## TASK GOAL
Identical copies of all the records below are needed.

[Dataset records]
↓
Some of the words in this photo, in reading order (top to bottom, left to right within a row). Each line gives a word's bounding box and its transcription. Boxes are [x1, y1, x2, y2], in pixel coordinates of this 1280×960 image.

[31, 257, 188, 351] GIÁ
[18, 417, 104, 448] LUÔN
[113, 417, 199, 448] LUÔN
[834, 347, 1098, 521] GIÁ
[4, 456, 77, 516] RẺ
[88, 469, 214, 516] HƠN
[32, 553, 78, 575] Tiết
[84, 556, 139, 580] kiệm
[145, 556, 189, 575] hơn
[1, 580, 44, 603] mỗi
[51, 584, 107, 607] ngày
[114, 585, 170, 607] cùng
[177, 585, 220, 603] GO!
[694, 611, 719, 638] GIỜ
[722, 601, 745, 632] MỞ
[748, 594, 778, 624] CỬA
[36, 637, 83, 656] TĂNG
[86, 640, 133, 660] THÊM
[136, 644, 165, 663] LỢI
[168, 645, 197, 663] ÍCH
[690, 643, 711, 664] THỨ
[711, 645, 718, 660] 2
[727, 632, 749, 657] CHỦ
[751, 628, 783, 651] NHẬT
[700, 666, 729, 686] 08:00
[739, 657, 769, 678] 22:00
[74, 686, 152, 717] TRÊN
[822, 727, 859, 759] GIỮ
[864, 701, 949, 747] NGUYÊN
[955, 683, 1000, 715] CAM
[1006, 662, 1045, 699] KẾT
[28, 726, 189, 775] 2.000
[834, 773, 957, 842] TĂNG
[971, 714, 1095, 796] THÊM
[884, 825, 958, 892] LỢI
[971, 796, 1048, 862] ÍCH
↑
## WORKED SOLUTION
Some of the words in this photo, in reading order (top to bottom, left to right within a row). Each line gives a word's bounding box and its transcription. Boxes are [x1, y1, x2, y2], in pixel coordinates of this 1280×960 image.

[31, 257, 188, 351] GIÁ
[18, 417, 104, 448] LUÔN
[113, 417, 199, 448] LUÔN
[834, 347, 1098, 521] GIÁ
[4, 456, 77, 516] RẺ
[88, 469, 214, 516] HƠN
[32, 553, 78, 575] Tiết
[84, 556, 139, 580] kiệm
[145, 556, 189, 575] hơn
[1, 580, 44, 603] mỗi
[51, 584, 107, 607] ngày
[114, 585, 170, 607] cùng
[177, 585, 220, 603] GO!
[694, 611, 719, 638] GIỜ
[722, 601, 745, 632] MỞ
[748, 594, 778, 624] CỬA
[36, 637, 83, 656] TĂNG
[86, 640, 133, 660] THÊM
[136, 644, 165, 663] LỢI
[168, 645, 197, 663] ÍCH
[690, 643, 711, 664] THỨ
[711, 645, 718, 660] 2
[727, 632, 749, 657] CHỦ
[751, 628, 783, 651] NHẬT
[700, 666, 729, 686] 08:00
[739, 657, 769, 678] 22:00
[74, 686, 152, 717] TRÊN
[822, 727, 859, 759] GIỮ
[864, 701, 949, 747] NGUYÊN
[955, 683, 1000, 715] CAM
[1006, 662, 1045, 699] KẾT
[28, 726, 189, 775] 2.000
[834, 773, 957, 842] TĂNG
[971, 714, 1095, 796] THÊM
[884, 825, 958, 892] LỢI
[971, 796, 1048, 862] ÍCH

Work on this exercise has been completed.